The Government of Nebraska operates under the framework of the Nebraska Constitution, adopted in 1875, and is divided into three branches: executive, legislative, and judicial.

Executive branch
The head of the executive branch is Governor Jim Pillen (Republican). The Governor of Nebraska is the head of government of the U.S. state of Nebraska as provided by the fourth article of the Constitution of Nebraska.  Other elected officials in the executive branch are Lieutenant Governor Mike Foley, Attorney General Mike Hilgers, Secretary of State Bob Evnen, State Treasurer John Murante, and State Auditor Mike Foley. All elected officials in the executive branch serve four-year terms. Nebraska's executive branch has X agencies, including 18 code agencies administered by the Governor.

Legislative branch

Nebraska is the only state in the United States with a 'single-house' unicameral legislature. Although this house is officially known simply as the "Legislature", and more commonly called the "Unicameral", its members call themselves "senators". Nebraska's Legislature is also the only state legislature in the United States that is officially nonpartisan. The senators are elected with no party affiliation next to their names on the ballot, and members of any party can be elected to the positions of speaker and committee chairs. The Nebraska Legislature can also override the governor's veto with a three-fifths majority, in contrast to the two-thirds majority required in some other states.

When Nebraska became a state in 1867, its legislature consisted of two houses: a House of Representatives and a Senate. For years, U.S. Senator George Norris (Senator 1913–1943) and other Nebraskans encouraged the idea of a unicameral legislature and demanded the issue be decided in a referendum. Norris argued:
 Unicameral supporters also argued that a bicameral legislature had a significant undemocratic feature in the committees that reconciled House and Senate legislation. Votes in these committees were secretive, and would sometimes add provisions to bills that neither house had approved. Nebraska's unicameral legislature today has rules that bills can contain only one subject, and must be given at least five days of consideration.
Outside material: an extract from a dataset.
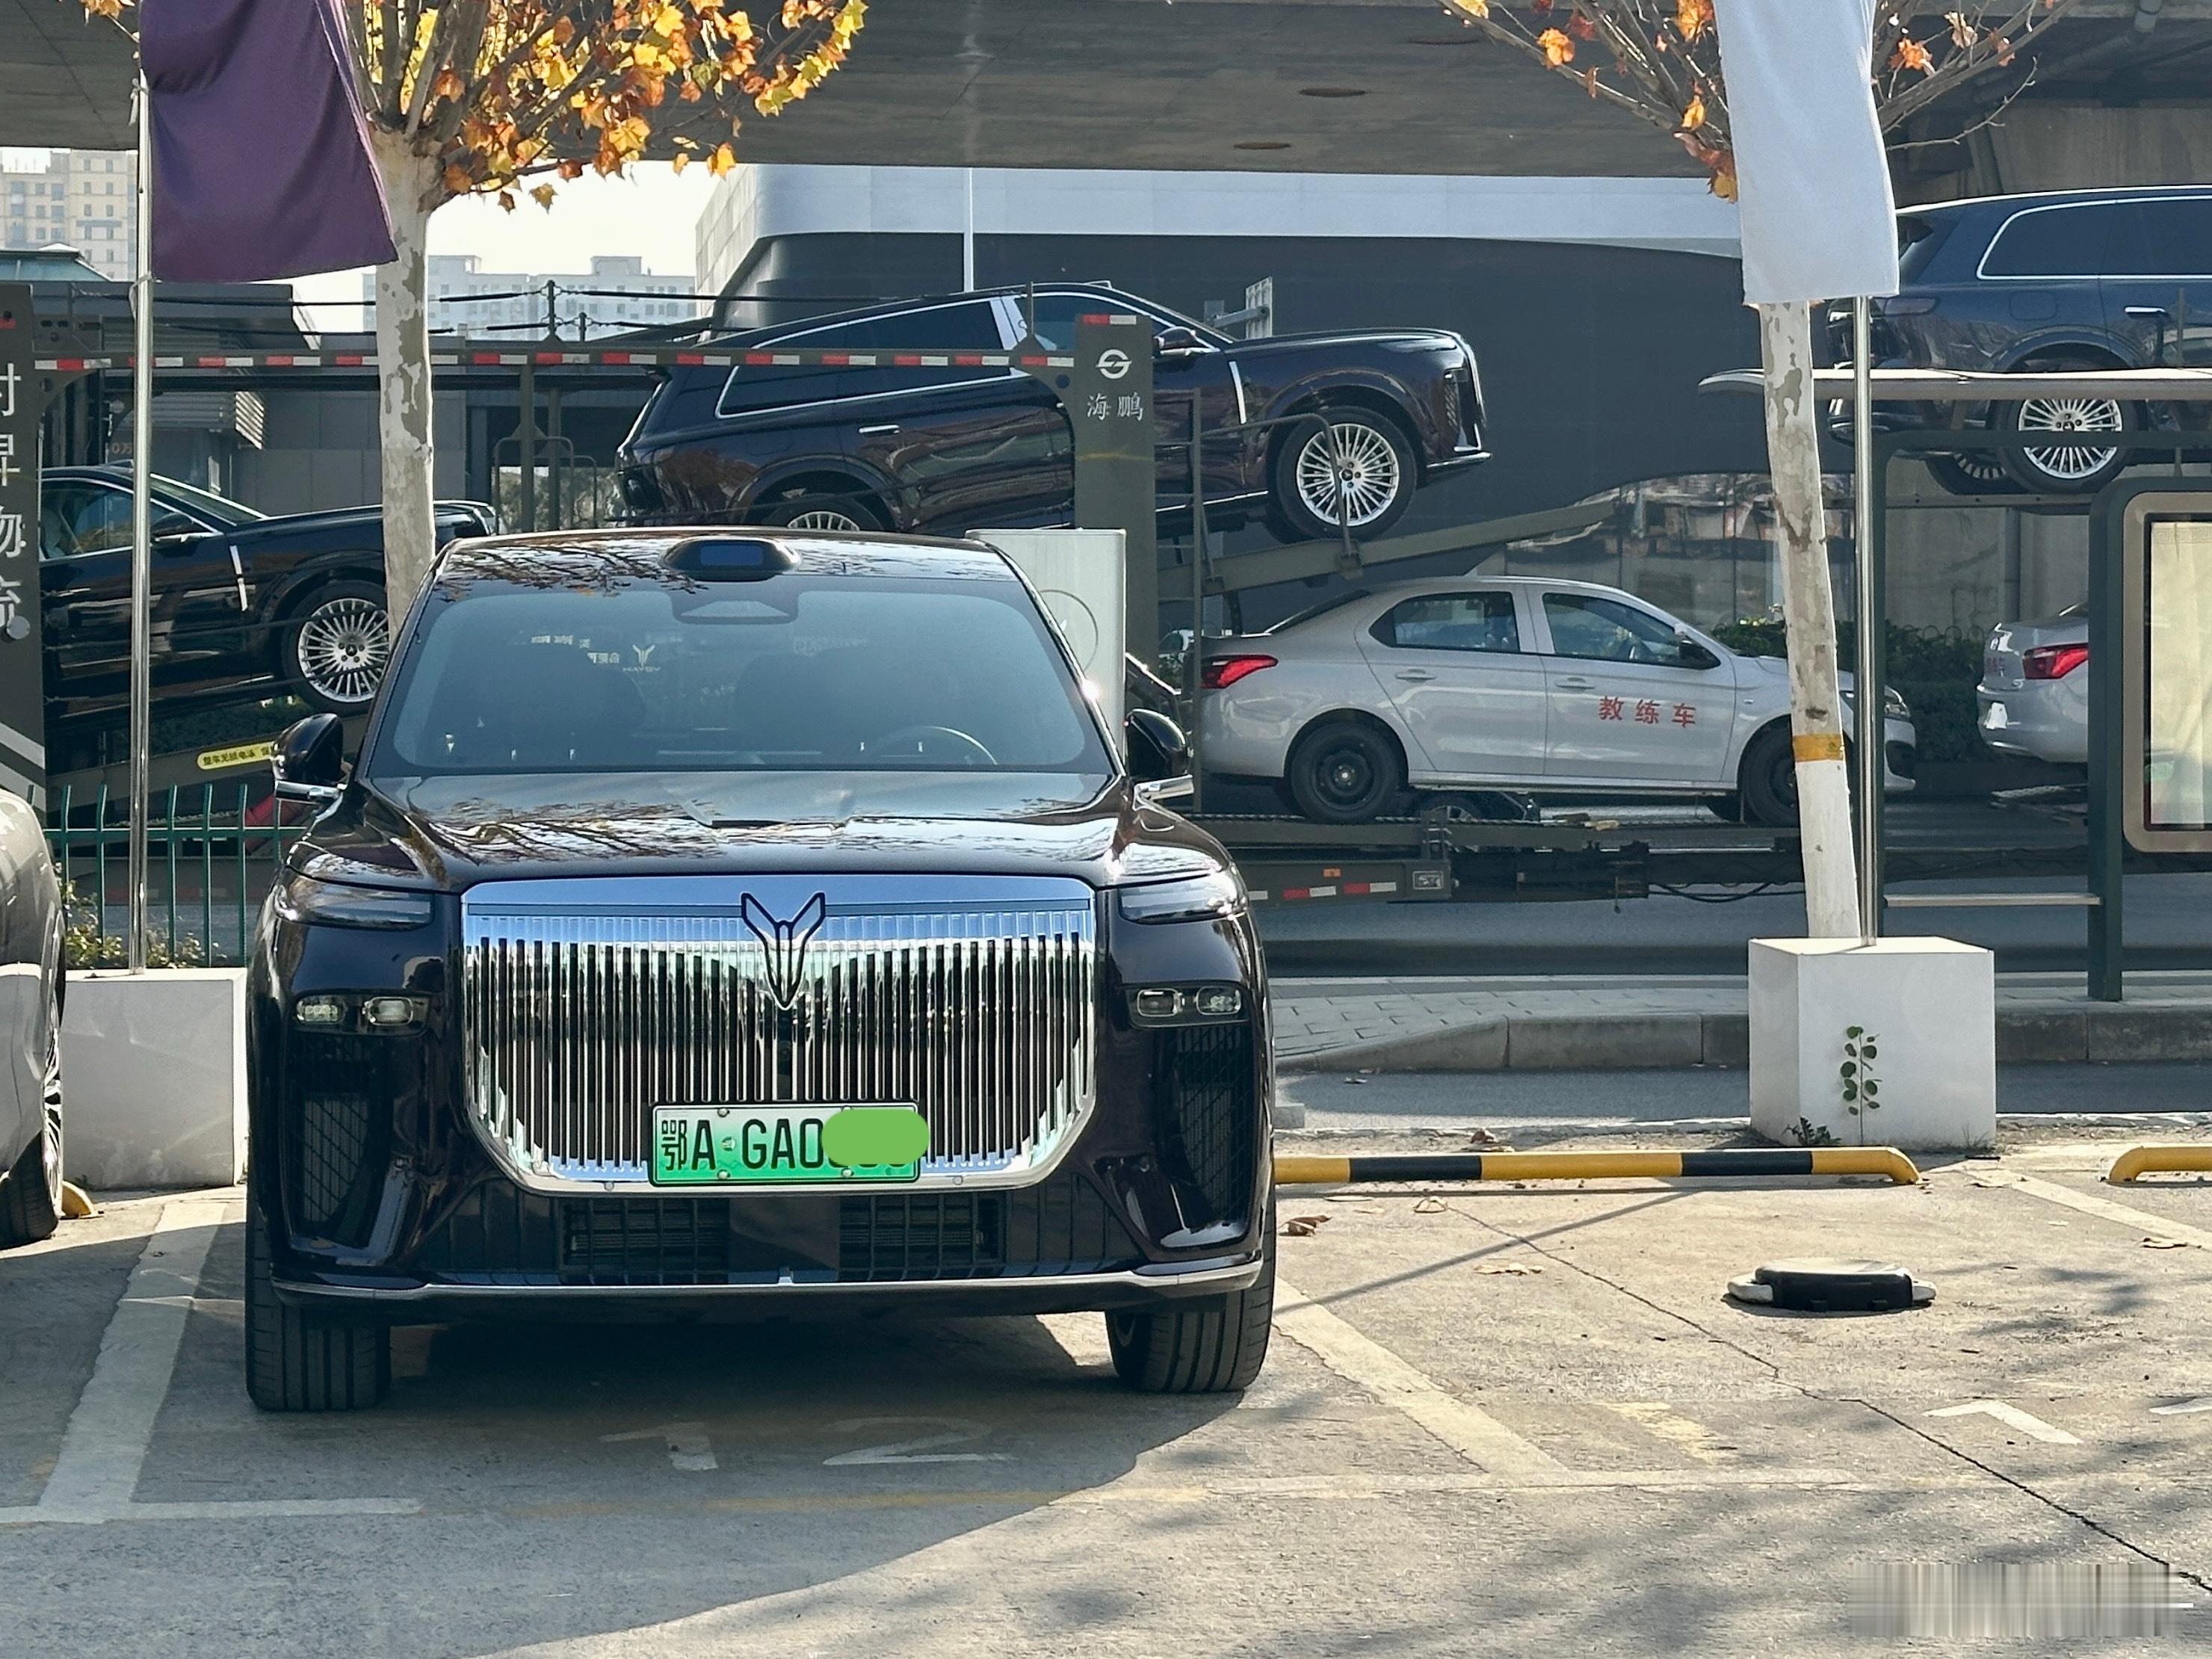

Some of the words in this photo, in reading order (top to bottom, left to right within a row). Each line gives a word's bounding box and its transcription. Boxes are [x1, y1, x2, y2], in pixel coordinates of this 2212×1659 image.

In 1934, due in part to the budgetary pressure of the Great Depression, Nebraska citizens ran a state initiative to vote on a constitutional amendment creating a unicameral legislature, which was approved, which, in effect, abolished the House of Representatives (the lower house).

The Legislature meets in the third Nebraska State Capitol building, built between 1922 and 1932. It was designed by Bertram G. Goodhue. Built from Indiana limestone, the capitol's base is a cross within a square. A 400-foot domed tower rises from this base. The Sower, a 19-foot bronze statue representing agriculture, crowns the building.

Judicial branch

The judicial system in Nebraska is unified, with the Nebraska Supreme Court having administrative authority over all the courts within the state. Nebraska uses the Missouri Plan for the selection of judges at all levels, including county courts (as the lowest-level courts) and twelve district courts, which contain one or more counties. The Nebraska State Court of Appeals hears appeals from the district courts, juvenile courts, and workers' compensation courts, and is the final court of appeal.

Federal representation

Nebraska is represented in the U.S. Senate by Republican Deb Fischer, who was first elected in 2012. Nebraska's other Senate seat is currently held by Pete Ricketts, who took office on January 23, 2023.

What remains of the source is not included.